Virtual desktop infrastructure (VDI) is emerging as one of the hot trends for 2011 and beyond. But successful VDI deployments, especially large ones, do not happen by accident and deduplication and solid state drives (SSDs) are now viewed as key technologies to deliver on a successful VDI deployment. The trick is identifying an appropriate and risk-averse way in which to implement these technologies without incurring some of the unpleasant side effects they can cause.
Deduplication and SSDs are becoming viewed as prerequisite technologies to ensure successful VDI deployments for two primary reasons.
- There is a substantial amount of duplication of files when migrating desktops to VDI environments.
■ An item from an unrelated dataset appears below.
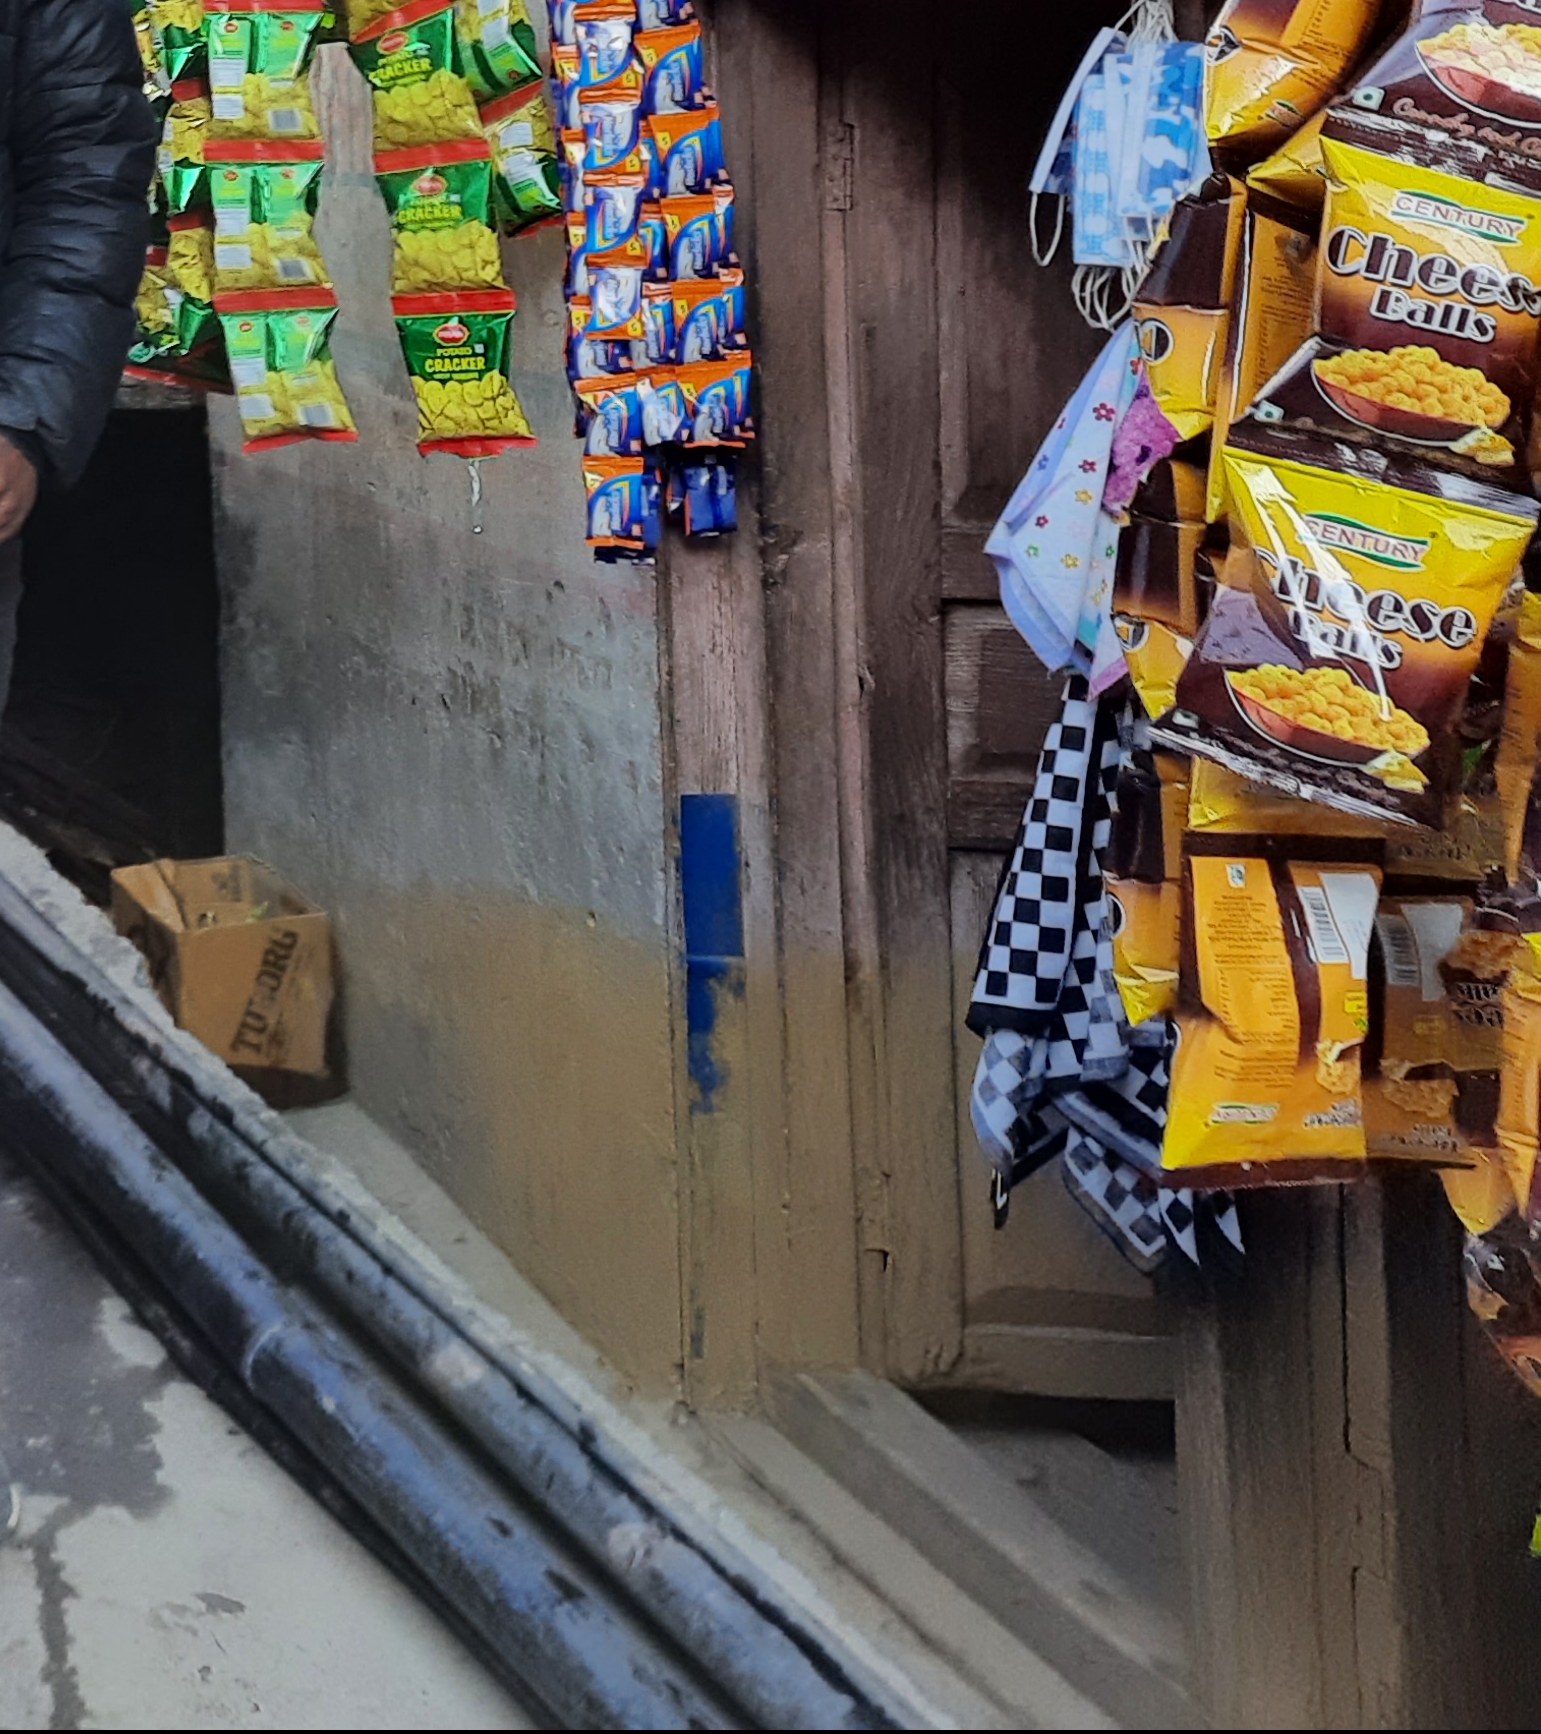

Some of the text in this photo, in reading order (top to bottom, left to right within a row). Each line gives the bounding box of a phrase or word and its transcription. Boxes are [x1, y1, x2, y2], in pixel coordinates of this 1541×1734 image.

[1394, 195, 1522, 240] CENTURY
[1369, 286, 1498, 344] Balls
[424, 356, 486, 373] CRACKER
This creates a need for a large amount of storage.
- Booting a desktop requires reading from the disks on which its images reside. It is when multiple desktops are booted at the same time that contention occurs and performance is negatively impacted.
Deduplication and SSDs can be used in combination to tackle these VDI issues head on. Deduplication technology minimizes the storage growth associated with VDI deployments as only one instance of the duplicate data needs to be stored. Further, by storing deduplicated data on SSDs, data can be read back much more quickly plus SSDs can potentially become a cost-effective alternative to disk if less data is stored on them.
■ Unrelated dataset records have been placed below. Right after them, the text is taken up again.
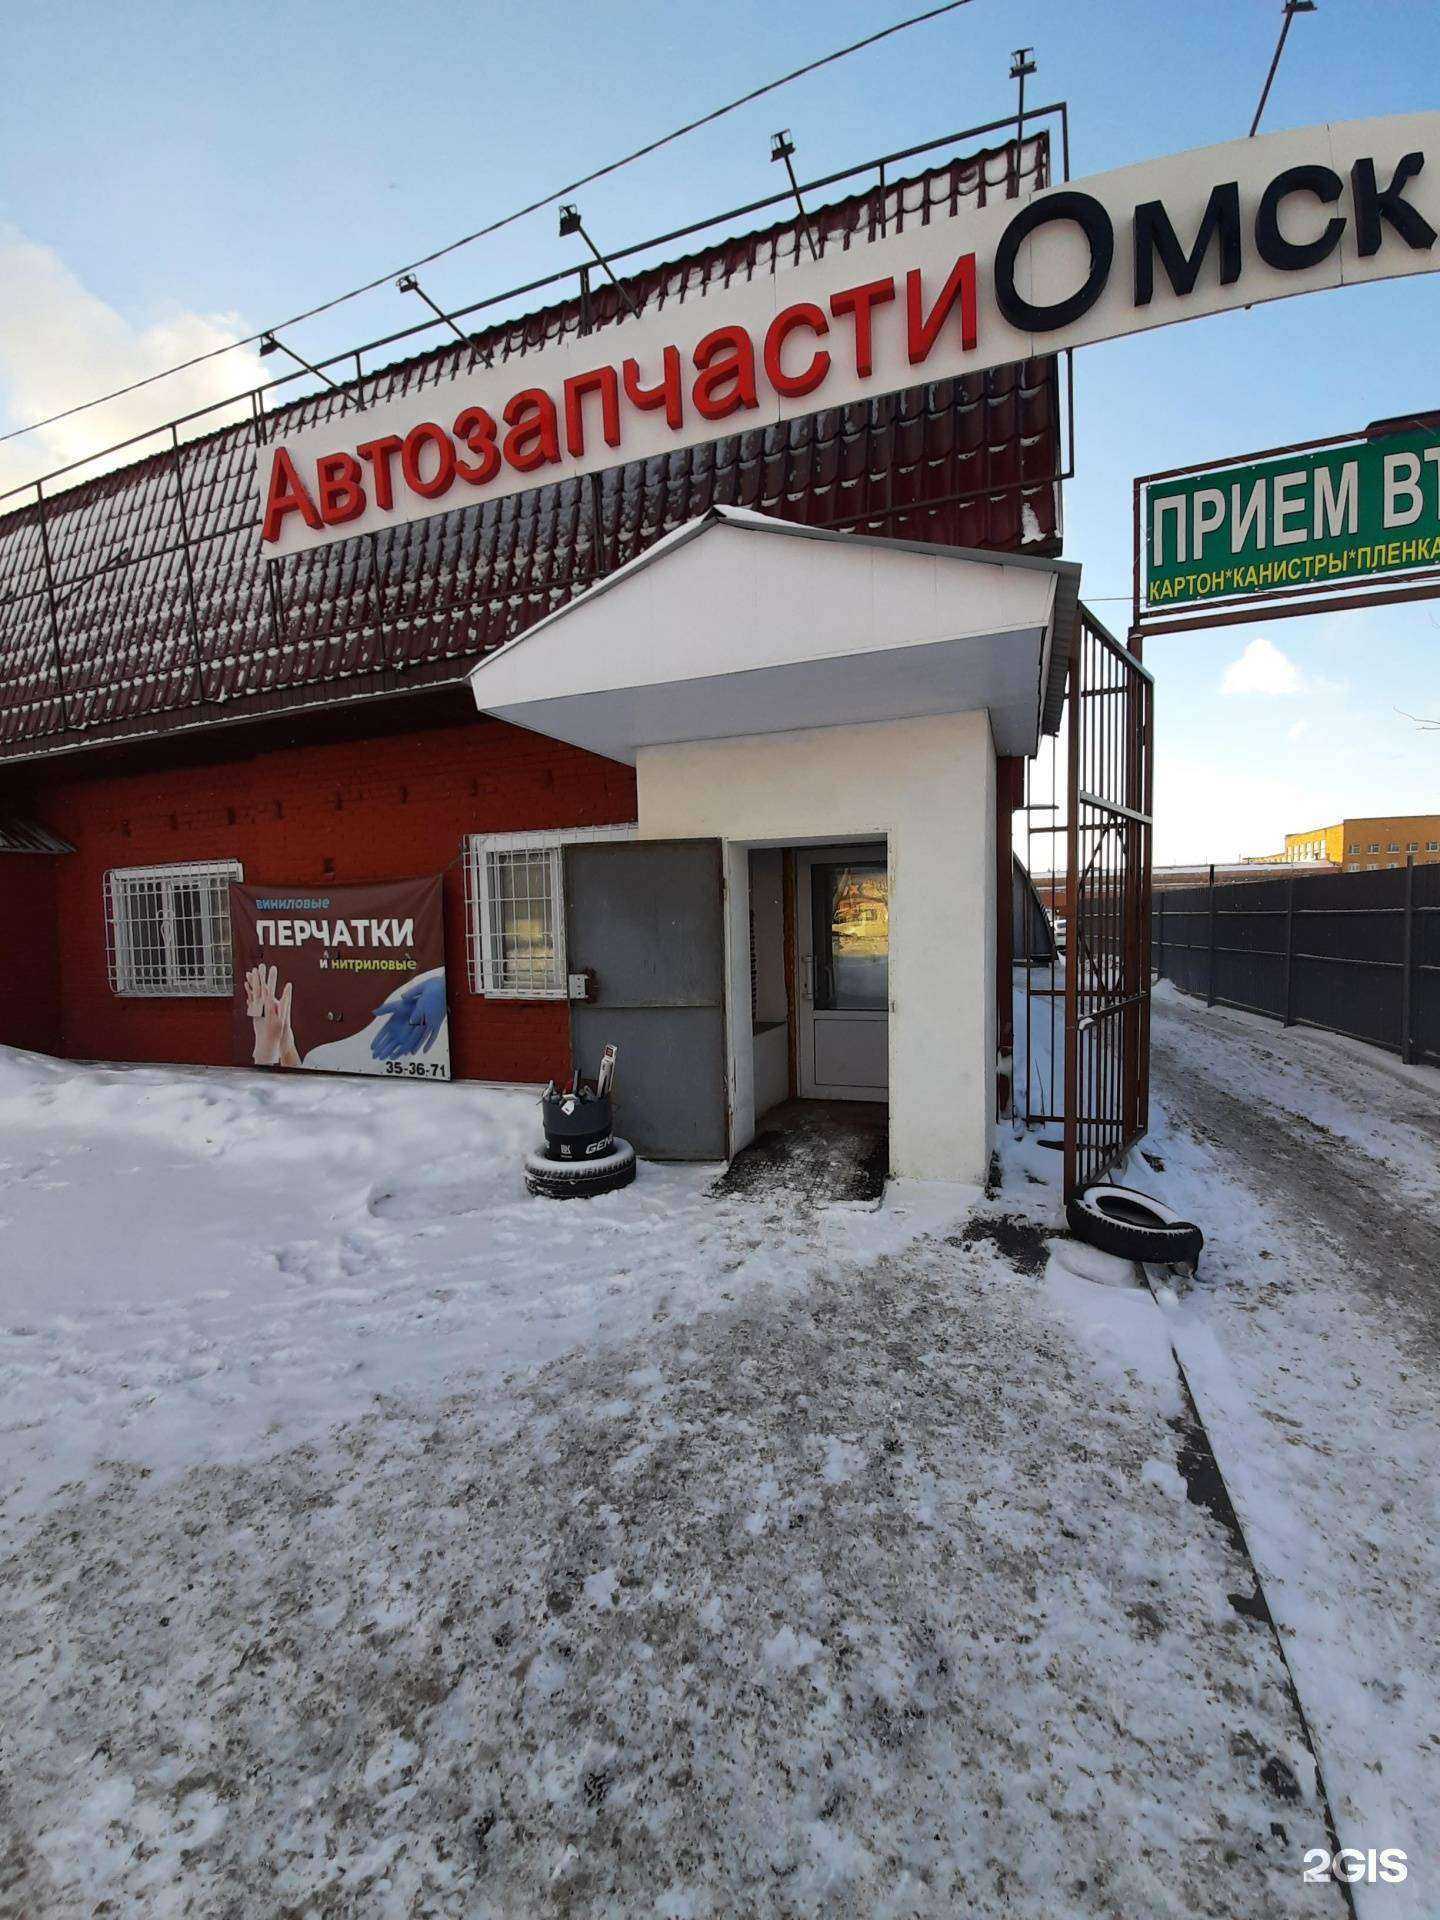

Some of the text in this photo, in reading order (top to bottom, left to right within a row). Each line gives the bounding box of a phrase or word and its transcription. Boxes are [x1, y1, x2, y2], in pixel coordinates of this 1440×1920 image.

[1153, 461, 1359, 567] ПРИЕМ
[256, 898, 330, 910] виниловые
[256, 919, 414, 947] ПЕРЧАТКИ
[331, 957, 418, 973] нитриловые
[386, 1061, 446, 1078] 35-36-71
However there are other factors that come into play when deduplication and SSDs are implemented that are not always apparent that can negatively impact a VDI implementation.
- Write I/O performance to SSDs is not nearly as good as read I/Os. SSD read I/O performance is measured in microseconds. So while SSD write I/O performance is still faster than writes to hard disk drives (HDDs), writes to SSDs will not deliver nearly the same performance boost as read I/Os plus write I/O performance on SSDs is known to degrade over time.
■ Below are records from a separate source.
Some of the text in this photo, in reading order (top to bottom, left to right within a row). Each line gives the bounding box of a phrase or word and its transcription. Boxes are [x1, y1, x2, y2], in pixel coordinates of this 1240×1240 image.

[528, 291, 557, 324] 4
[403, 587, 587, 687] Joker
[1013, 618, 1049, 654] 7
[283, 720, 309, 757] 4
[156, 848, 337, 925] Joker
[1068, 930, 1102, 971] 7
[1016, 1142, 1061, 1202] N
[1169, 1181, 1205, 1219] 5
- SSDs are still 10x the cost of HDDs. Even with the benefits provided by deduplication an organization may still not be able to justify completely replacing HDDs with SSDs which leads to a third problem.
- Using deduplication can result in fragmentation. As new data is ingested and deduplicated, data is placed further and further apart. While fragmentation may not matter when all data is stored on SSDs, if HDDs are still used as part of the solution, this can result in reads taking longer to complete.
These issues illustrate how simply deploying deduplication and SSDs in conjunction with VDI may not be sufficient to avoid other issues that can ultimately undermine a successful VDI deployment. So what organizations need to do is select solutions that include deduplication and SSD as features but implement them in such a way that these features do not eventually become issues in VDI deployments.
Symantec VirtualStore is one such product that has taken some steps to do exactly that as VirtualStore can virtualize any tier of disk to create a storage pool for VDI implementations that can include both HDDs and SDDs as well as deduplicate data stored to them..
Virtualizing HDDs and SSD in this fashion and then deduplicating data stored on them helps to delivers the fast performance times that VDI needs during boot times when data is read while facilitating the continued use of more economical HDDs to store less frequently accessed data.
Further, engineering efforts are afoot within Symantec that will soon enable the placement of deduplicated, commonly accessed blocks of data on SSDs. This will eliminate the need to read this data from HDDs and thereby improve performance even more.
Deduplication and SSD technologies are fast becoming viewed as key technologies to leverage in enterprise VDI implementations. But the mere introduction of these technologies into VDI environments does not translate into their effective and optimized use nor should it negate the use of HDDs.
By Symantec VirtualStore taking advantage of the best of what deduplication, SSDs and HDDs have to offer and implementing these features, users can get the storage efficiency they seek, the performance they need and the economics to justify its deployment in their VDI environments.